I found Elias's work to be quite fascinating. Basically, it theorizes that the process of "civilization" is largely the result of people subordinating their impulsive drives -- the repression of the id by the ego and superego, in Freud's terminology -- as their social organization changes over time. Elias says that this process is mutually reinforcing and not entirely rational. People demonstrate greater self-restraint as their social organization becomes more complex and interdependent. Likewise, increased levels of self-restraint propel a greater level of complexity and interdependence. Central to Elias's notion of "progress" along the scale of impulsiveness to self-restraint is the level of security under which people live. In societies that do not provide a high level of physical or material security, the impulsiveness of the id reigns. For those that achieve a high level of security, the restraint of the ego and superego keep the id in check.

To support this idea, Elias cites the changes in human behavior as Western Europe changed from a feudal society of warrior-nobles and knights into the court society of absolutist kings and aristocratic nobles. In the former, the use of violence was highly decentralized. Most people did not have adequate levels of security -- especially physical security. To venture on the roads outside of town was to invite the certain predations of highwaymen or rival soldiers. Disputes between individuals (particularly nobles) were settled by violent confrontation. By contrast, in the society of absolutist kings, the use of violence was monopolized by the monarch. Nobles could no longer settle their disputes through violence, so the court society (with its emphasis on manners, fashion, elaborate titles and intrigue) evolved instead as a forum for noble competition and a means of differentiating the aristocracy from the commoners. The latter was also a much more complex and interdependent society than the former. Finally, the former had a general world view largely characterized by fear and emotion (superstition and religion), while the move toward "civilization" appealed increasingly to empirical rationalism (observation and science).

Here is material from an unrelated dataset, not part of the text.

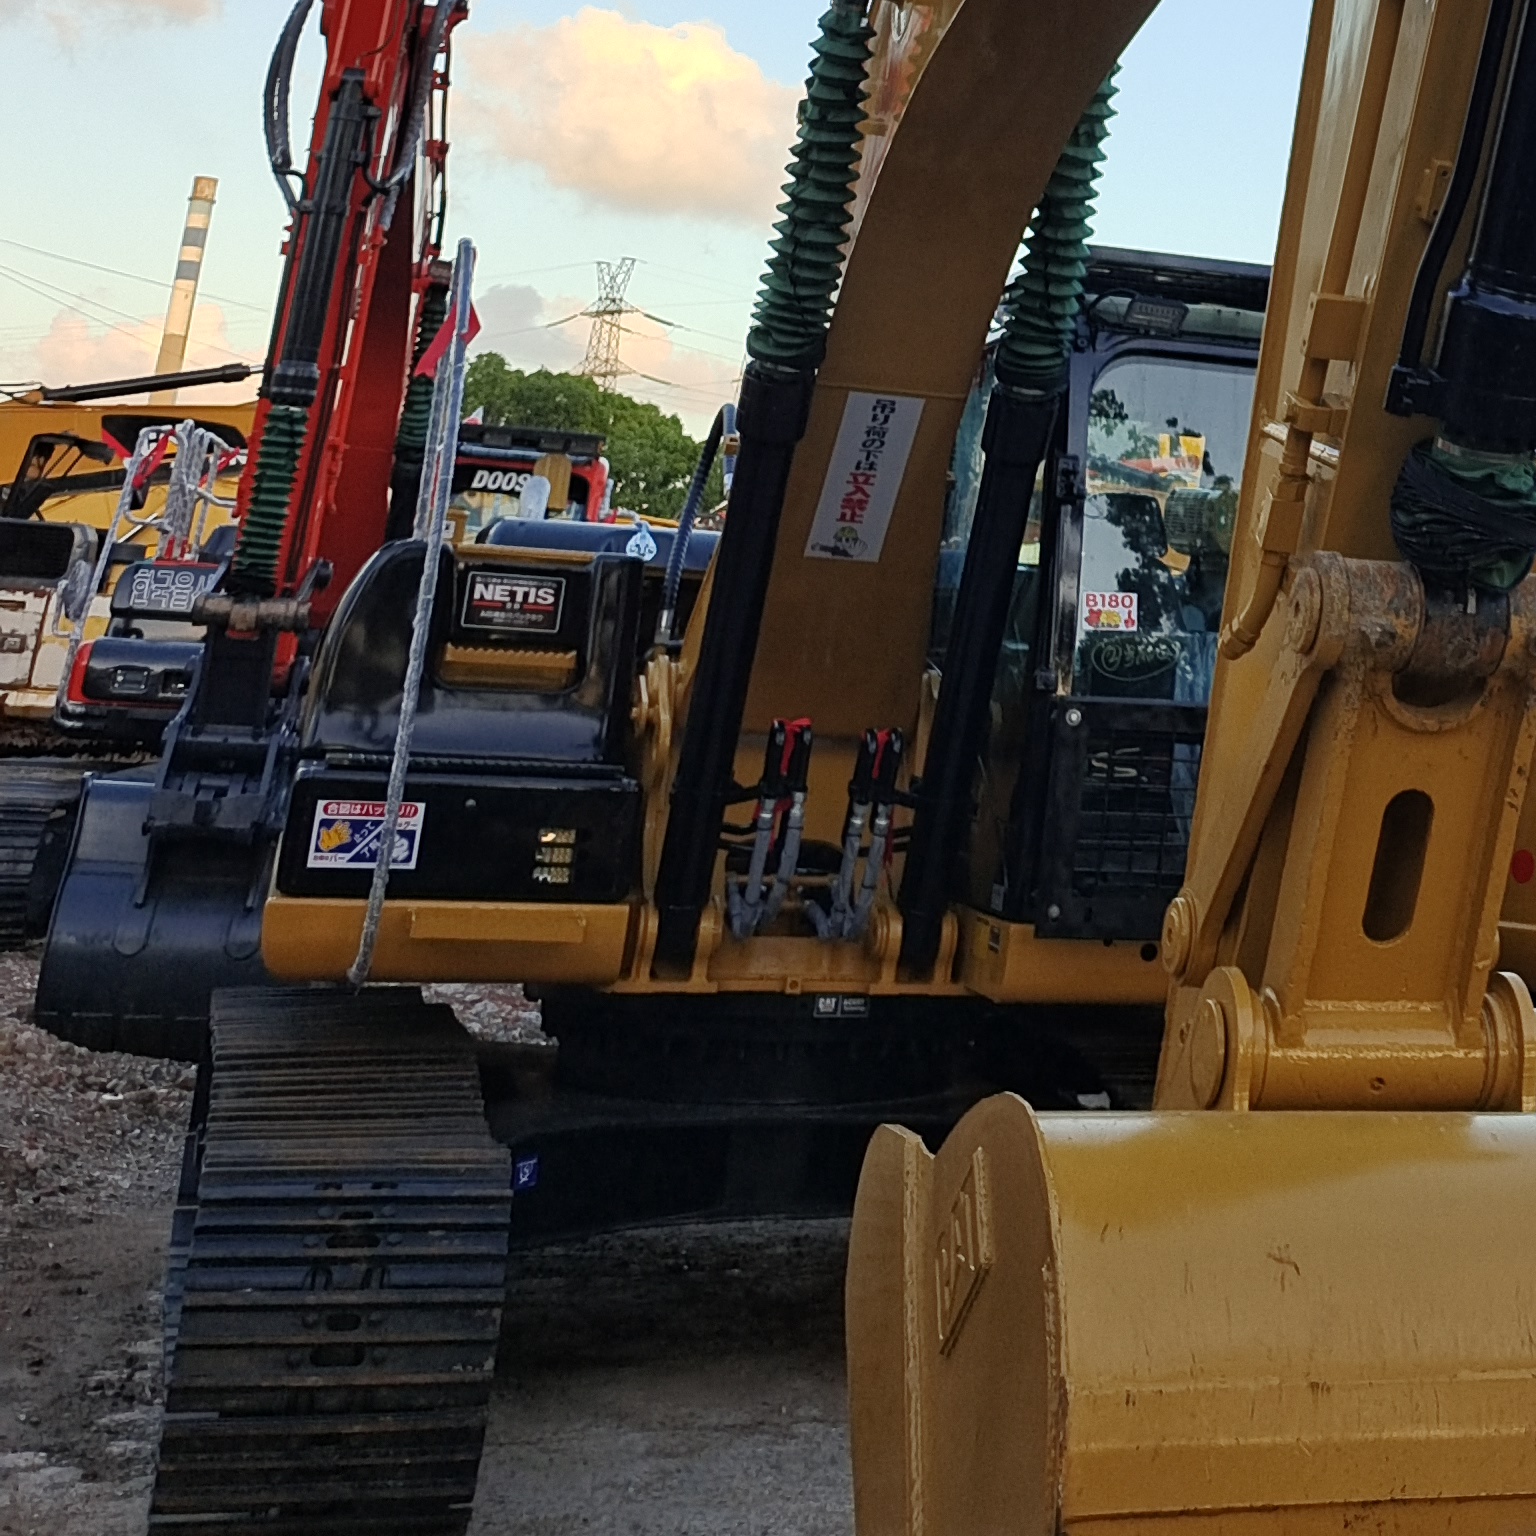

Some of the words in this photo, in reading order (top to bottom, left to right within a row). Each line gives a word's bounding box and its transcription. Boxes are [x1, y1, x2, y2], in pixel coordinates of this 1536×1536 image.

As far as historical reference goes, Elias provides a decidedly Marxist superstructure for his theories. Basically, his history begins in medieval Europe and proposes a rather linear view of civilization's development, as well as describing Western Europe as the vanguard of civilization's progress. I was left wondering about how Elias would describe the notion of a society moving away from "civilization" -- from a highly complex, centralized, interdependent society to one that is decidedly less so.

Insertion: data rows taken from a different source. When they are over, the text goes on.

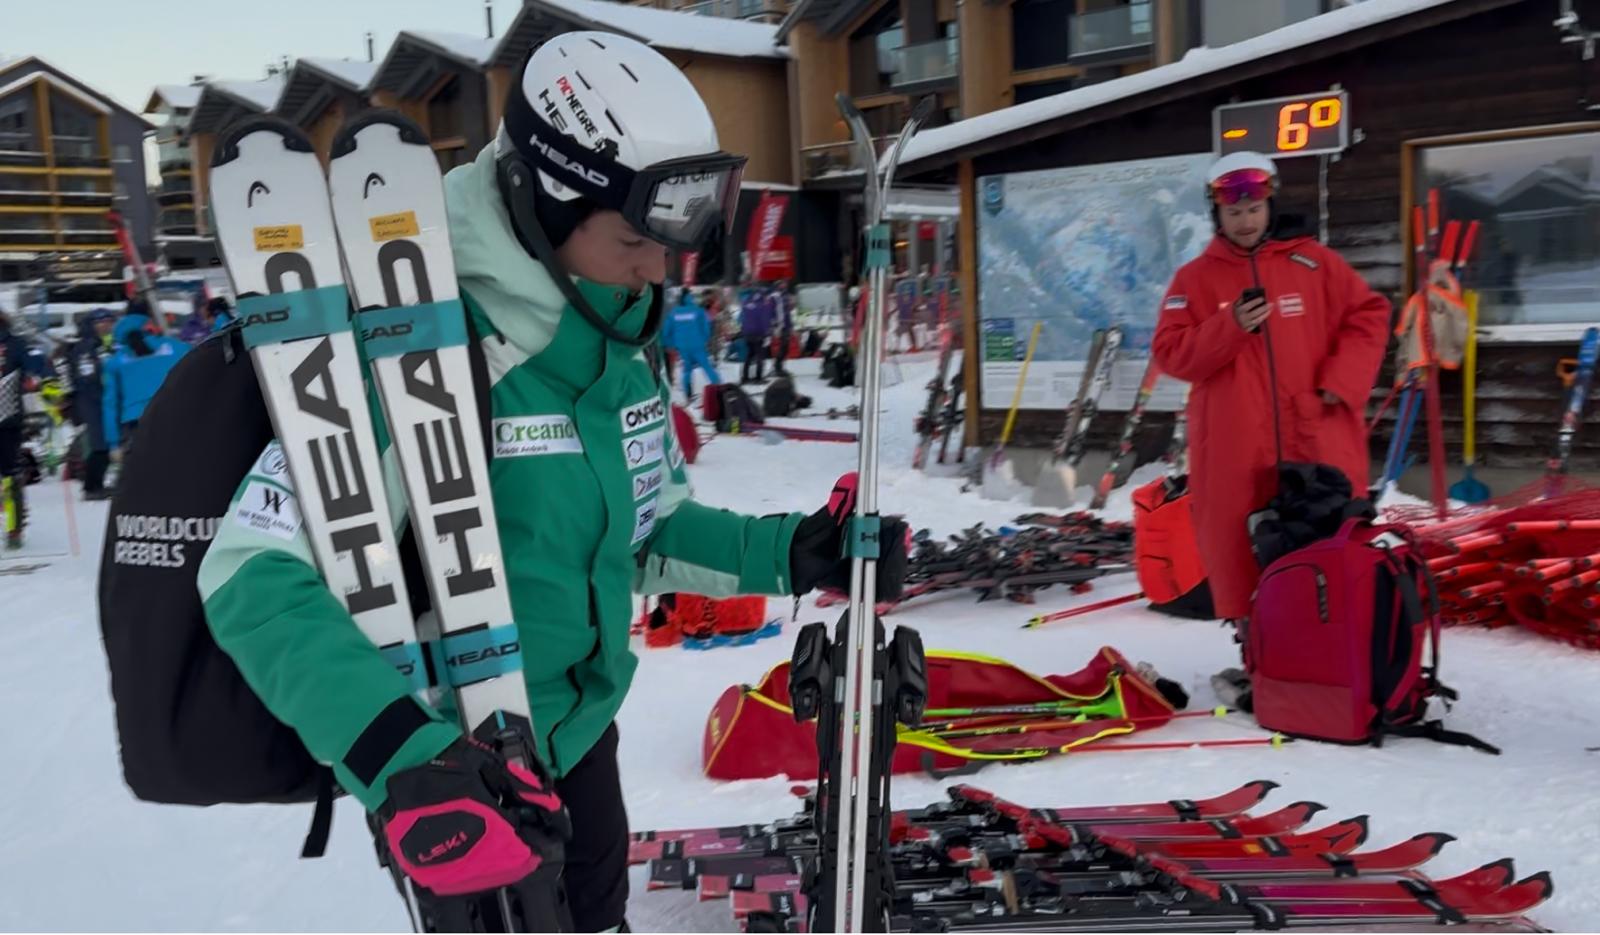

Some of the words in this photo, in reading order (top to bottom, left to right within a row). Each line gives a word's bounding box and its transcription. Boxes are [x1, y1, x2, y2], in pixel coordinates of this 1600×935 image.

[529, 134, 610, 188] HEAD
[114, 540, 186, 568] REBELS
[417, 831, 467, 863] LEKI
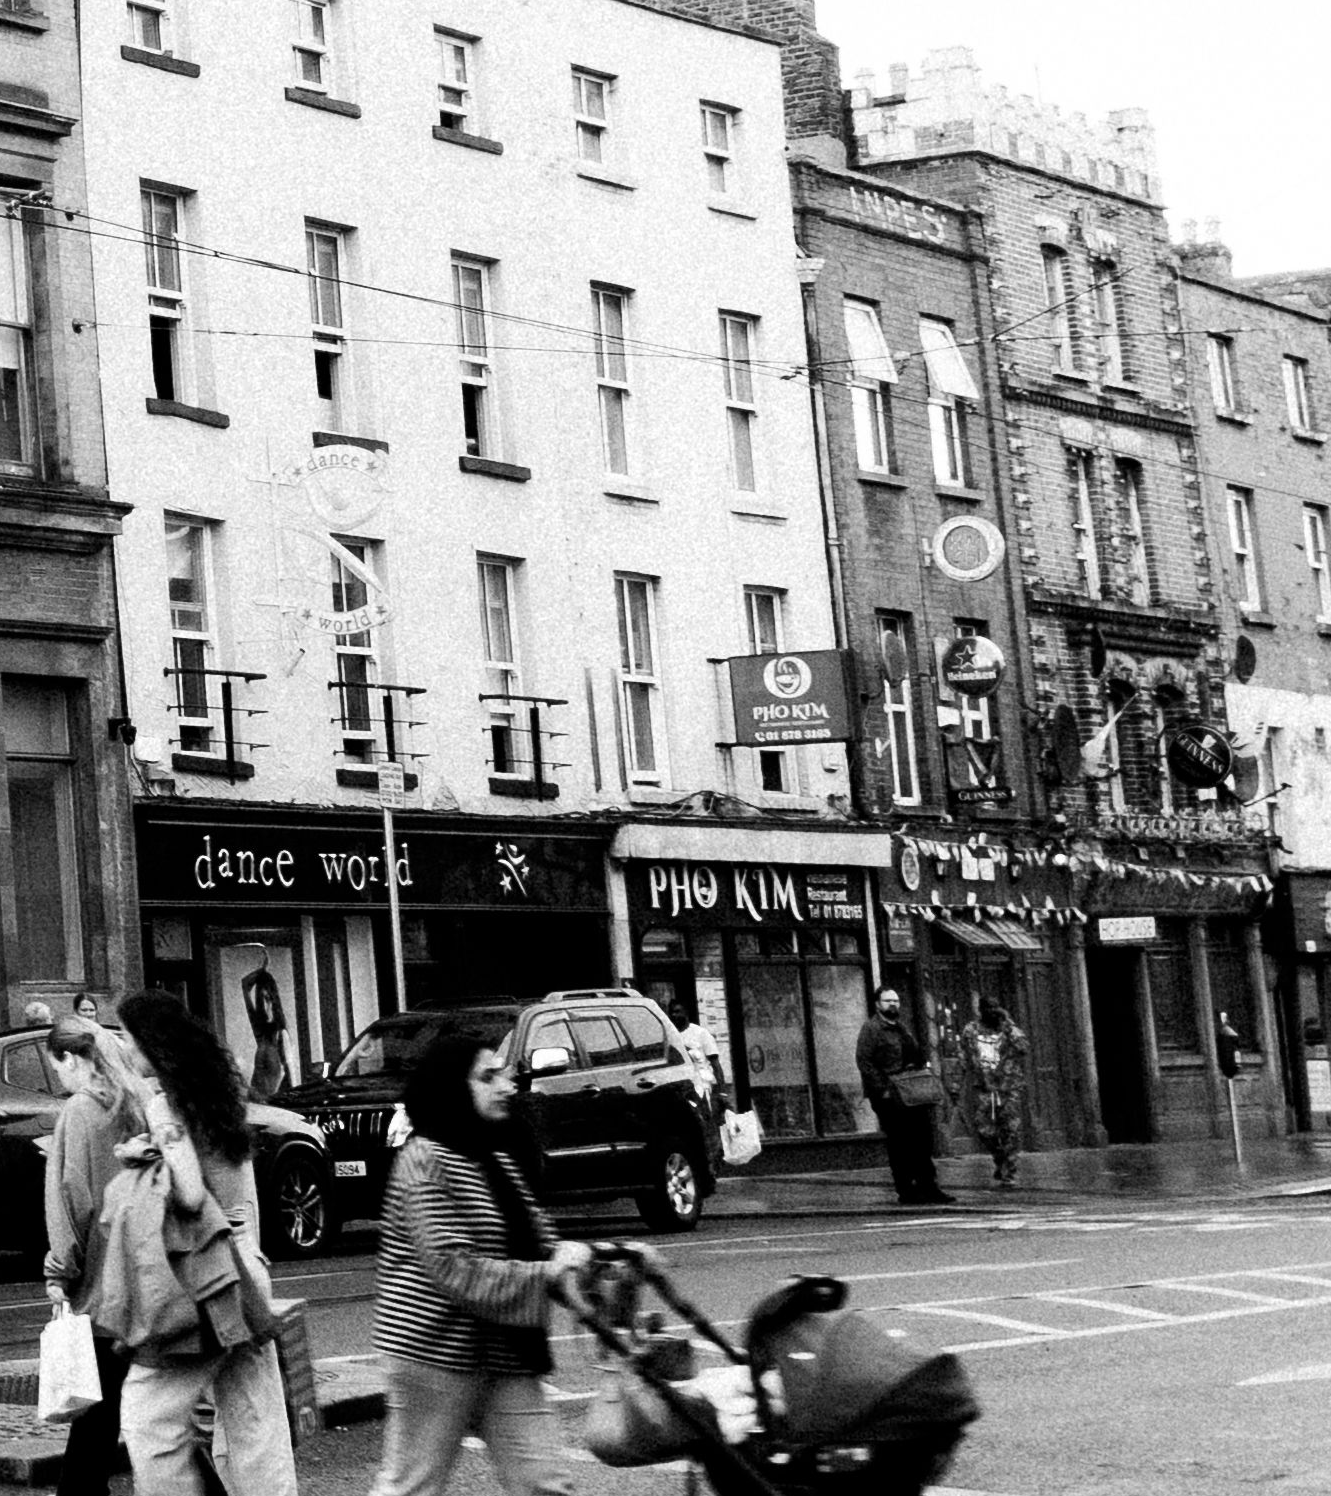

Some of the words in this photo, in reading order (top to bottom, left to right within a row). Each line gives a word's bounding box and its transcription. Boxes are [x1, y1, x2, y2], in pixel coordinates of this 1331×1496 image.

[306, 452, 361, 472] dance
[318, 610, 372, 633] world
[946, 670, 997, 681] Heineken
[752, 703, 790, 722] PHO
[791, 702, 831, 721] KIM
[1176, 736, 1225, 776] GUINNESS
[958, 791, 1008, 801] GUINNESS
[195, 835, 295, 888] dance
[649, 865, 718, 917] PHO
[734, 865, 804, 921] KIM

Central to any analysis of collapse through Elias's lens is the loss of material or physical security. Also, the relationship between changing social organization and the loss of security must be viewed as a mutually reinforcing process. I believe that if Elias had gone back a little further, he could have found an excellent model for this process: the Roman Empire.

The collapse of the Roman Empire was certainly predicated by internal problems -- declining harvests, political intrigue, etc. However, these internal problems greatly contributed to the rolling back of the frontier by Germanic barbarians. When the highly complex society of Rome lost steam, it lost its cohesive force among its populace. Where the citizens of Rome once were willing to sacrifice for her, now they concerned themselves with the circuses of the Colosseum even as the empire crumbled around them. A substantial internal proletariat -- people who lived within Roman borders but felt no affinity or allegiance to Roman ideals -- swelled in number. A fine example of this proletariat is offered by the rapid spread of Christianity through Rome, in spite of its initial criminalization by the Roman authorities. (Arnold Toynbee, A Study of History)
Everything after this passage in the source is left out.